■ WHAT THE TASK ASKS
Reproduce the data below exactly. Skip the pictures.
INFORMATION PROVIDED START
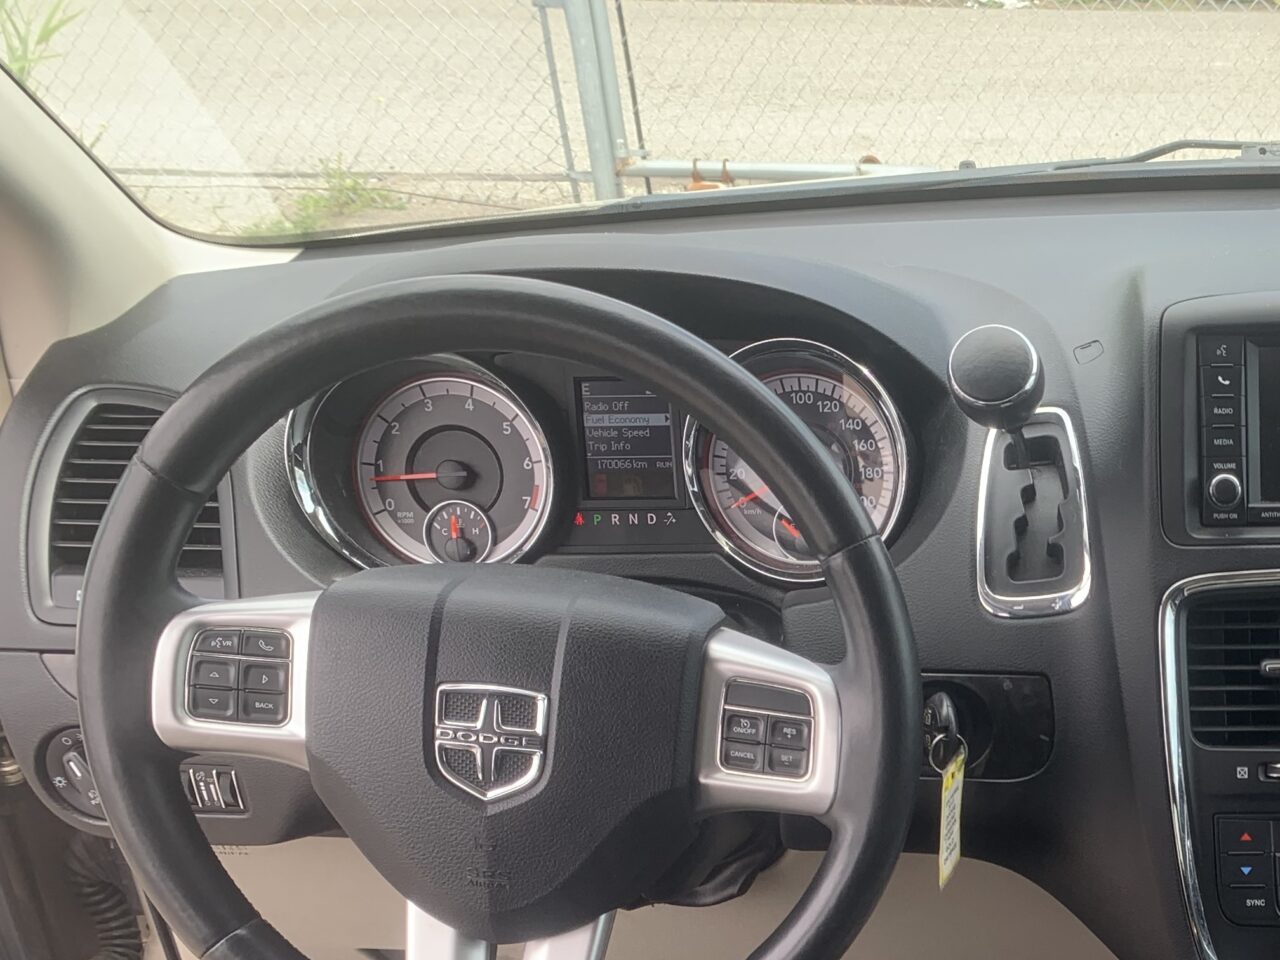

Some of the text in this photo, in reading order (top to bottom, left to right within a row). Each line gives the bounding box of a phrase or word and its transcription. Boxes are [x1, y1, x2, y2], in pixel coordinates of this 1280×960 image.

[790, 393, 814, 404] 100
[424, 400, 433, 411] 3
[465, 400, 474, 411] 4
[584, 401, 630, 411] Radio Off
[817, 401, 840, 412] 120
[585, 415, 650, 426] Fuel Economy
[840, 419, 862, 430] 140
[391, 422, 400, 434] 2
[502, 422, 511, 434] 5
[586, 428, 650, 438] Vehicle Speed
[587, 441, 631, 451] Trip Info
[852, 440, 875, 451] 160
[376, 460, 384, 472] 1
[523, 458, 532, 470] 6
[729, 469, 746, 480] 20
[859, 468, 882, 479] 180
[385, 499, 395, 510] 0
[522, 497, 531, 509] 7
[593, 514, 657, 525] P R N D
[472, 527, 479, 535] H
[733, 726, 757, 735] ON/OFF
[783, 727, 797, 735] RES
[435, 728, 541, 747] DODGE
[730, 750, 755, 760] CANCEL
[781, 754, 793, 762] SET
INFORMATION PROVIDED END
■ COMPLETED EXERCISE
Some of the text in this photo, in reading order (top to bottom, left to right within a row). Each line gives the bounding box of a phrase or word and its transcription. Boxes are [x1, y1, x2, y2], in pixel coordinates of this 1280×960 image.

[790, 393, 814, 404] 100
[424, 400, 433, 411] 3
[465, 400, 474, 411] 4
[584, 401, 630, 411] Radio Off
[817, 401, 840, 412] 120
[585, 415, 650, 426] Fuel Economy
[840, 419, 862, 430] 140
[391, 422, 400, 434] 2
[502, 422, 511, 434] 5
[586, 428, 650, 438] Vehicle Speed
[587, 441, 631, 451] Trip Info
[852, 440, 875, 451] 160
[376, 460, 384, 472] 1
[523, 458, 532, 470] 6
[729, 469, 746, 480] 20
[859, 468, 882, 479] 180
[385, 499, 395, 510] 0
[522, 497, 531, 509] 7
[593, 514, 657, 525] P R N D
[472, 527, 479, 535] H
[733, 726, 757, 735] ON/OFF
[783, 727, 797, 735] RES
[435, 728, 541, 747] DODGE
[730, 750, 755, 760] CANCEL
[781, 754, 793, 762] SET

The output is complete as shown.